# [SOURCE INFORMATION]

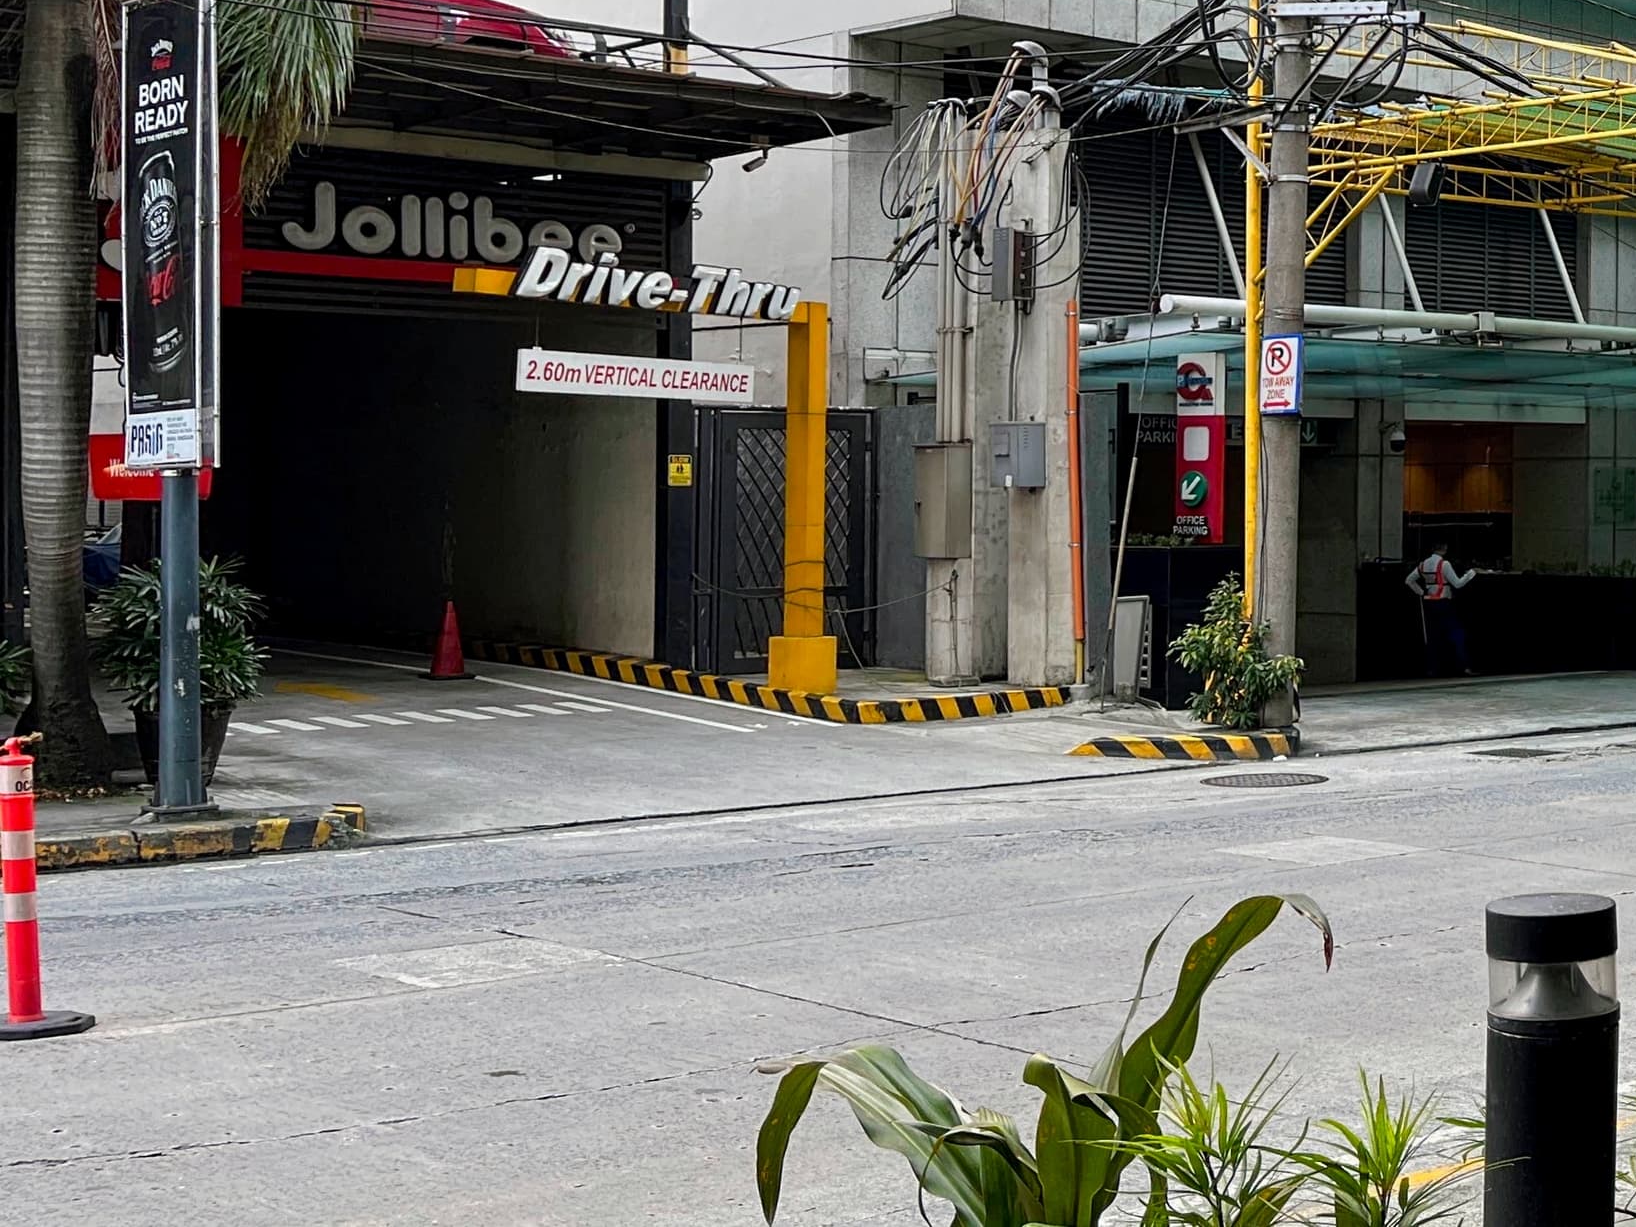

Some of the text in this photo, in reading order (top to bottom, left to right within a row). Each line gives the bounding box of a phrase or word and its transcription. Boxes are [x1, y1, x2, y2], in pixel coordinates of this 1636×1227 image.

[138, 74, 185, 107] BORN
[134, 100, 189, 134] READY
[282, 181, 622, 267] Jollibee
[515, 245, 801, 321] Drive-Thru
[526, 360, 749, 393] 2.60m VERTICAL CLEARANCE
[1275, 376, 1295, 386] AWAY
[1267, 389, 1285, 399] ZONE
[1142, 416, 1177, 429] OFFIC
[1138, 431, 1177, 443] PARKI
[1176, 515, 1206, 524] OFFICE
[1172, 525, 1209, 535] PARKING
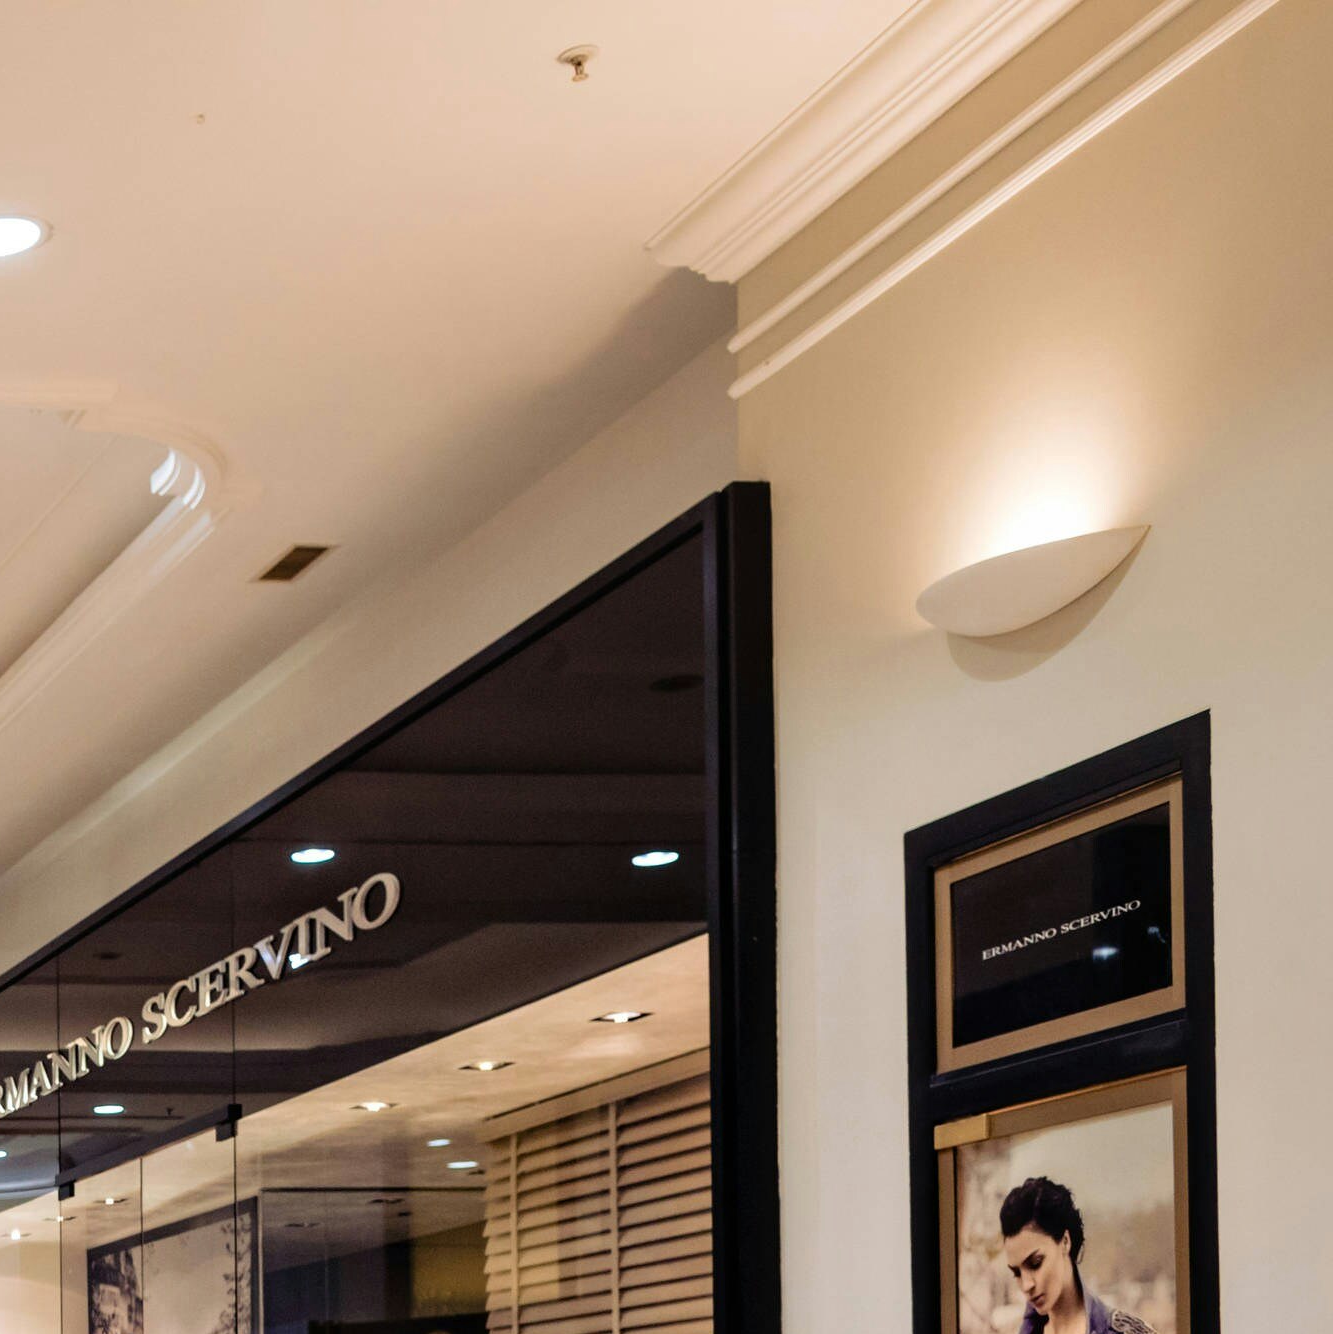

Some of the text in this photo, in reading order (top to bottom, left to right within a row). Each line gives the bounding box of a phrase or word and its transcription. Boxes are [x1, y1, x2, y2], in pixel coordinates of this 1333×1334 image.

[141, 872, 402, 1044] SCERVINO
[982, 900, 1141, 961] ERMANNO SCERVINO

# [TASK OBJECTIVE]
Would you write out all of the records exactly, omitting the pictures?

# [TASK RESPONSE]
Some of the text in this photo, in reading order (top to bottom, left to right within a row). Each line gives the bounding box of a phrase or word and its transcription. Boxes are [x1, y1, x2, y2], in pixel coordinates of this 1636×1227 image.

[138, 74, 185, 107] BORN
[134, 100, 189, 134] READY
[282, 181, 622, 267] Jollibee
[515, 245, 801, 321] Drive-Thru
[526, 360, 749, 393] 2.60m VERTICAL CLEARANCE
[1275, 376, 1295, 386] AWAY
[1267, 389, 1285, 399] ZONE
[1142, 416, 1177, 429] OFFIC
[1138, 431, 1177, 443] PARKI
[1176, 515, 1206, 524] OFFICE
[1172, 525, 1209, 535] PARKING

Some of the text in this photo, in reading order (top to bottom, left to right within a row). Each line gives the bounding box of a phrase or word and its transcription. Boxes are [x1, y1, x2, y2], in pixel coordinates of this 1333×1334 image.

[141, 872, 402, 1044] SCERVINO
[982, 900, 1141, 961] ERMANNO SCERVINO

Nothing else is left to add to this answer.